SYS.DOCS // DOCS

Domains and TLS

You can manage cluster-level domains from the Domains view. You can register single hostname or wildcard domains and use them to expose your traffic.

Domain types

Wildcard domains: *.example.com for multiple deployment hostnames on the same traffic class. (recommended)
Hostname domains: app.example.com for a single public hostname with an HTTP-01 certificate. Only available for public Gateway API traffic classes.

Notes:

Wildcards are single level. *.example.com matches app.example.com, not app.dev.example.com.
Wildcard domains can target Gateway API, legacy ingress controllers or Tailscale tailnet (BYOD) Gateway classes.
Single hostname domains require a public Gateway API controller.
Direct tailscale ingress endpoints do not use the Domains view. When you select the direct tailscale traffic class, Edka builds the hostname from your tailnet DNS name and Tailscale manages the certificate. See Tailscale Tailnet Traffic Exposure. Private Gateway classes published with Tailscale tailnet (BYOD) can still use wildcard domains from the Domains view, but public HTTP-01 validation is not available on that traffic path.

Add a domain

Open a cluster and go to Domains.
Add either *.example.com or app.example.com.
Select the traffic class.

Add Domain

DNS records

The Domains view shows the recommended DNS records for the selected traffic class using its live endpoints.

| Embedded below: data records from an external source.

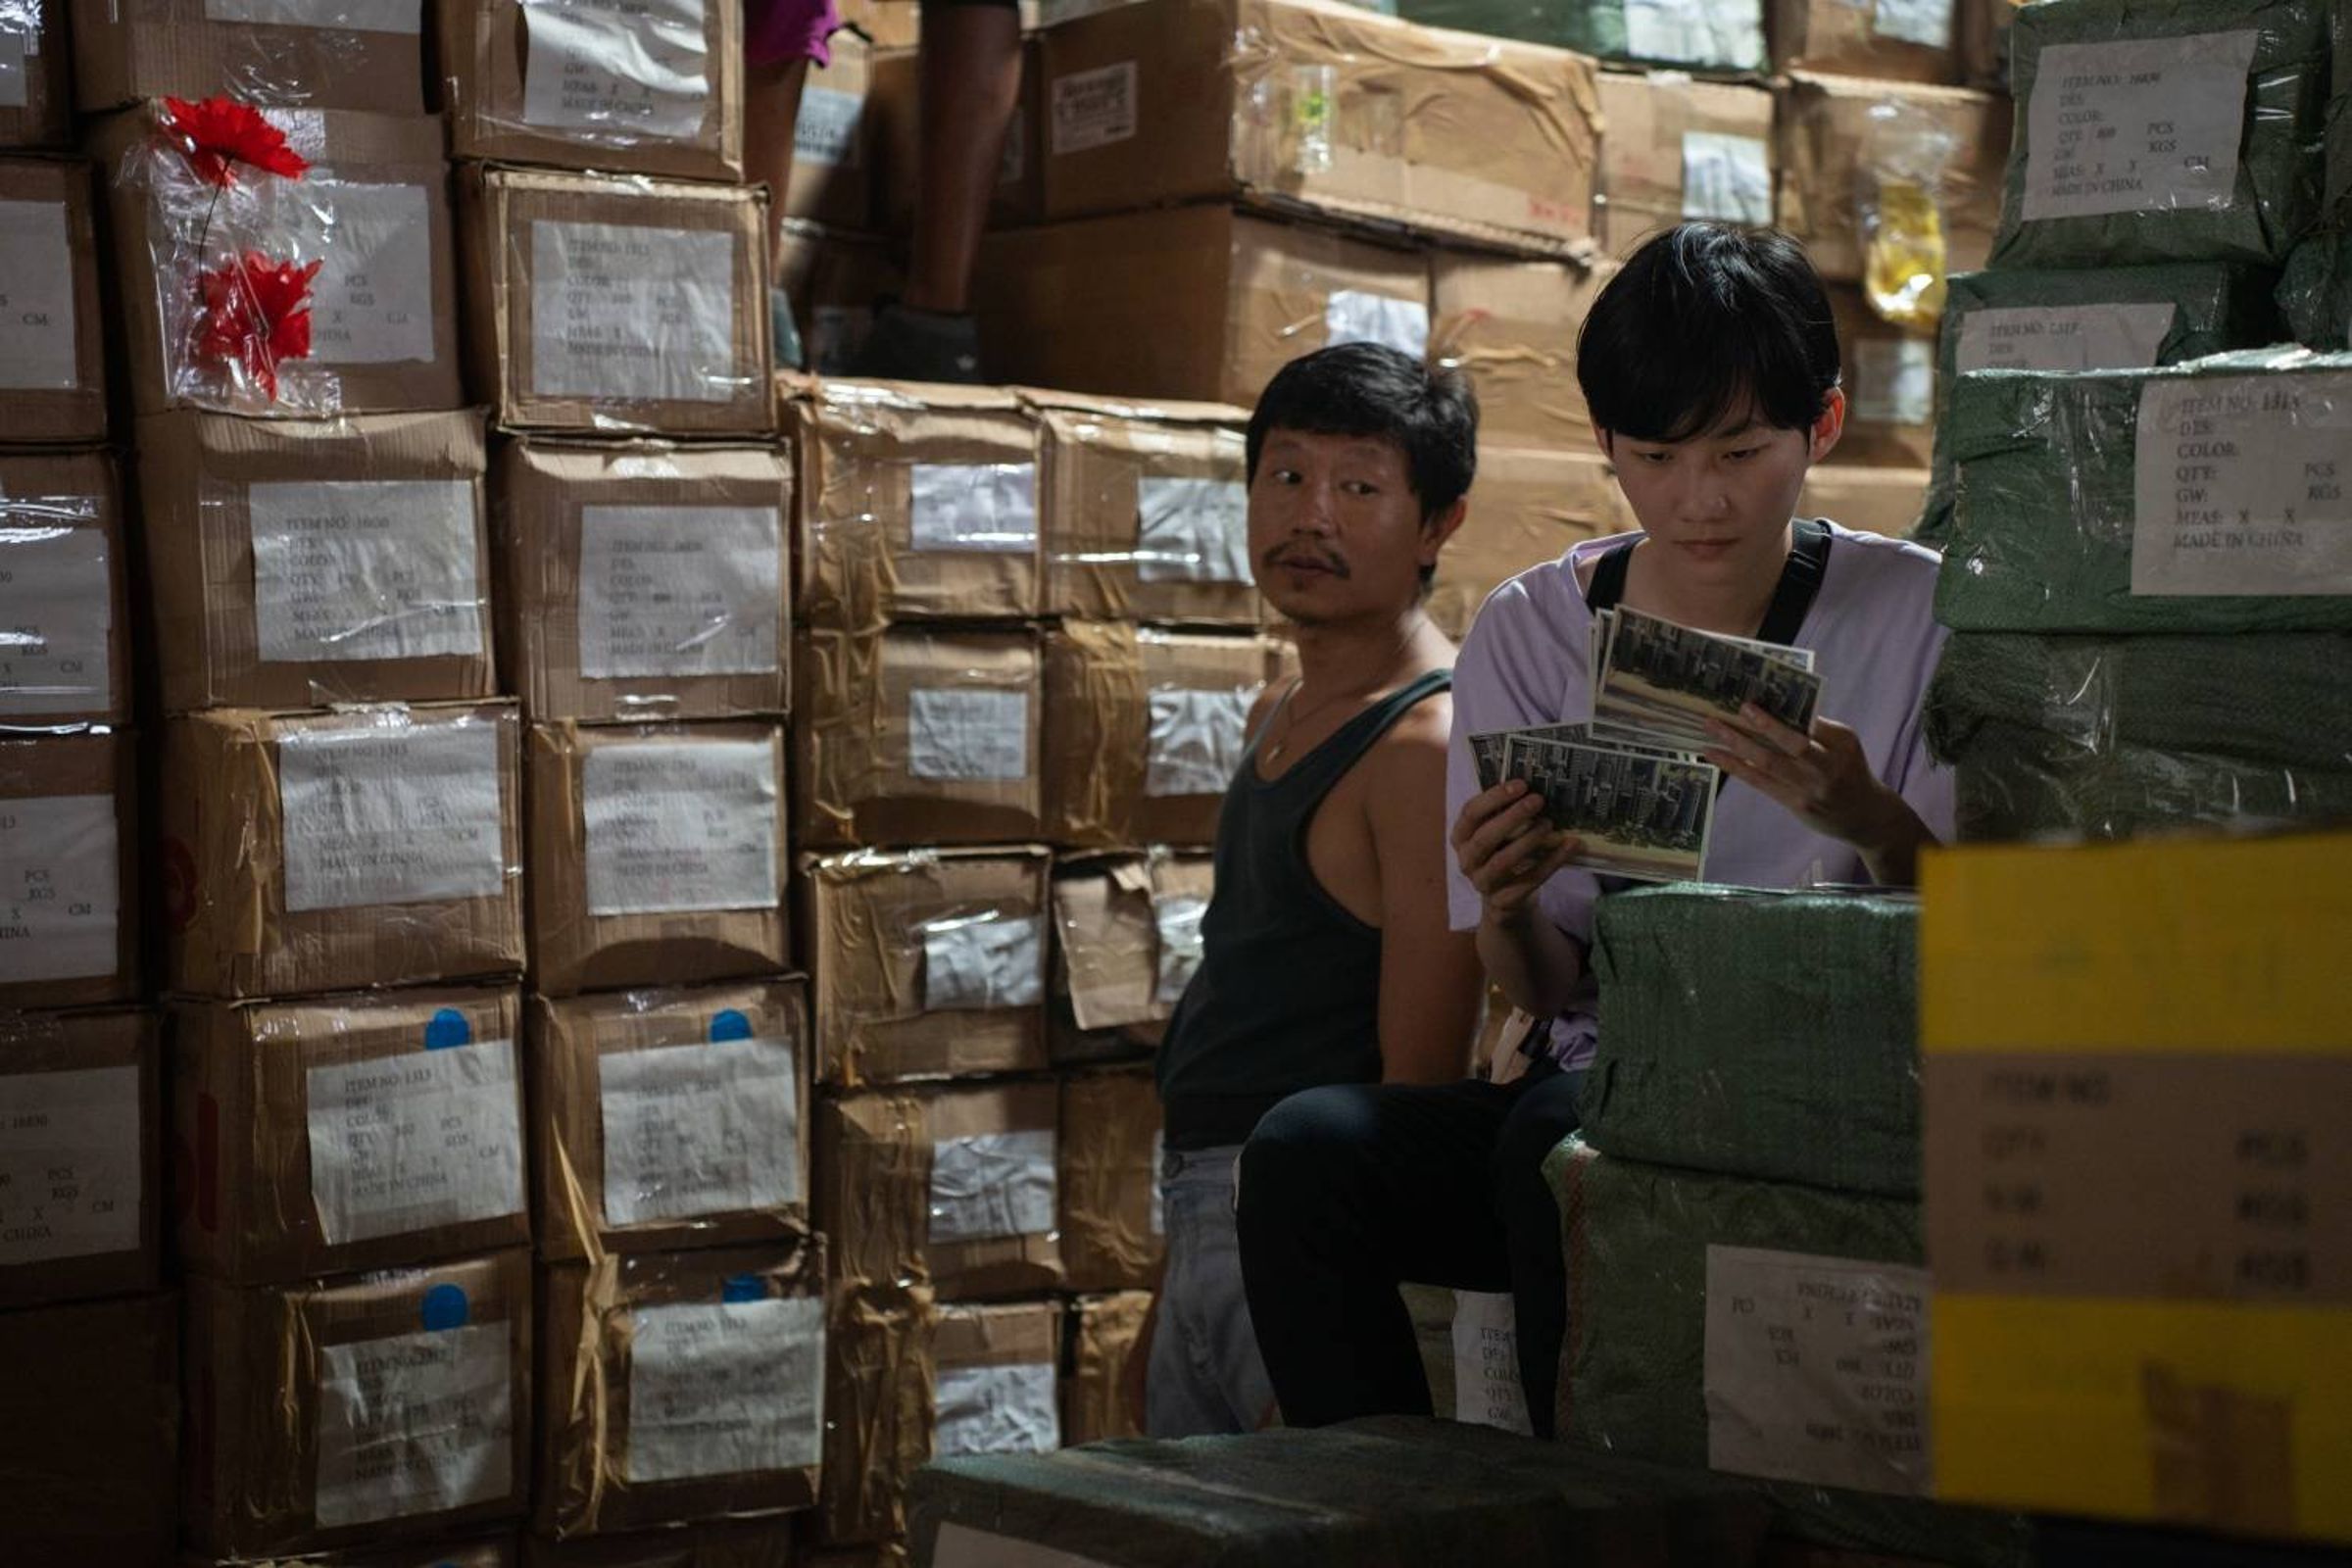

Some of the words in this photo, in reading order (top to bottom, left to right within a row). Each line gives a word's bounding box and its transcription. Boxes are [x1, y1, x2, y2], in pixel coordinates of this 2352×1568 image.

[2146, 122, 2175, 135] PCS
[2147, 139, 2178, 154] KGS
[2183, 155, 2210, 170] CM
[2101, 177, 2144, 194] CHINA
[22, 314, 49, 326] CM
[2182, 396, 2222, 414] ITEM
[2177, 441, 2239, 460] COLOR:
[2175, 465, 2218, 483] QTY:
[2304, 463, 2335, 478] PCS
[2175, 488, 2208, 503] GW:
[2307, 485, 2342, 501] KGS
[286, 516, 320, 531] ITEM
[2177, 510, 2223, 526] MEAS:
[2238, 510, 2249, 524] X
[2283, 507, 2296, 524] X
[2173, 530, 2222, 549] MADE
[2225, 531, 2245, 549] IN
[2247, 529, 2304, 547] CHINA
[24, 869, 50, 883] PCS
[27, 886, 56, 903] KGS
[68, 903, 92, 916] CM
[345, 1076, 377, 1094] ITEM
[33, 1206, 44, 1221] X
[91, 1200, 115, 1214] CM
[3, 1225, 53, 1243] CHINA
[1732, 1296, 1756, 1314] CM

Public Gateway API or legacy ingress controllers

Use the A or AAAA records shown in the UI.
For wildcard domains, point the wildcard record at the controller endpoint.
For hostname domains, point the exact hostname at the controller endpoint.

Tailscale tailnet (BYOD) Gateway classes

Private tailnet-published Gateway classes only use the wildcard CNAME shown in the UI.

Verify DNS Records

TLS behavior

Wildcard domains

Edka provisions and renews wildcard certificates with cert-manager using the Edka DNS-01 webhook inside your cluster.

DNS delegation

Create the delegation record shown in the domain details.
Name: _acme-challenge.example.com
Type: CNAME
Target: <delegation-id>.acme.edka.net

Make sure the record is DNS only, not proxied. After DNS propagates, Edka checks the delegation and tracks certificate status from the Domains view.

Requirements

cert-manager add-on
Edka DNS-01 webhook add-on
Reflector add-on if you want to mirror secrets to multiple namespaces (only necessary for legacy ingress controllers)

Namespaces and secrets

Certificate name: wildcard-<domain-id>
Secret name: wildcard-<domain-id>-tls
Default namespace: envoy-gateway-system. For legacy ingress controllers, the default namespace is edka-system.
Allowed namespaces control where the secret is mirrored. (not necessary when using Gateway API)
If you plan to have a deployment in a namespace other than the default, for example the production namespace, you need to add the namespace to the allowed namespaces. The Reflector add-on will mirror the secret to the other namespaces. (only necessary for legacy ingress controllers)

Single hostname domains

Edka provisions a single Let’s Encrypt certificate using HTTP-01 validation on the selected public Gateway.
The certificate is managed on the Gateway and attached automatically.
Because HTTP-01 needs public reachability, single hostname domains are not available on private Gateway classes and Tailscale tailnet (BYOD) Gateway classes.

Using domains in deployments

Wildcard domains are the most flexible option when you want to expose multiple deployments or applications under a single domain. For preview environments, only wildcard domains are supported.
Use single hostname domains when you want a single cluster-managed FQDN on a public Gateway API traffic class.
If you select the direct tailscale traffic class, skip the Domains flow and provide a tailnet subdomain instead in deployment or app networking/access form.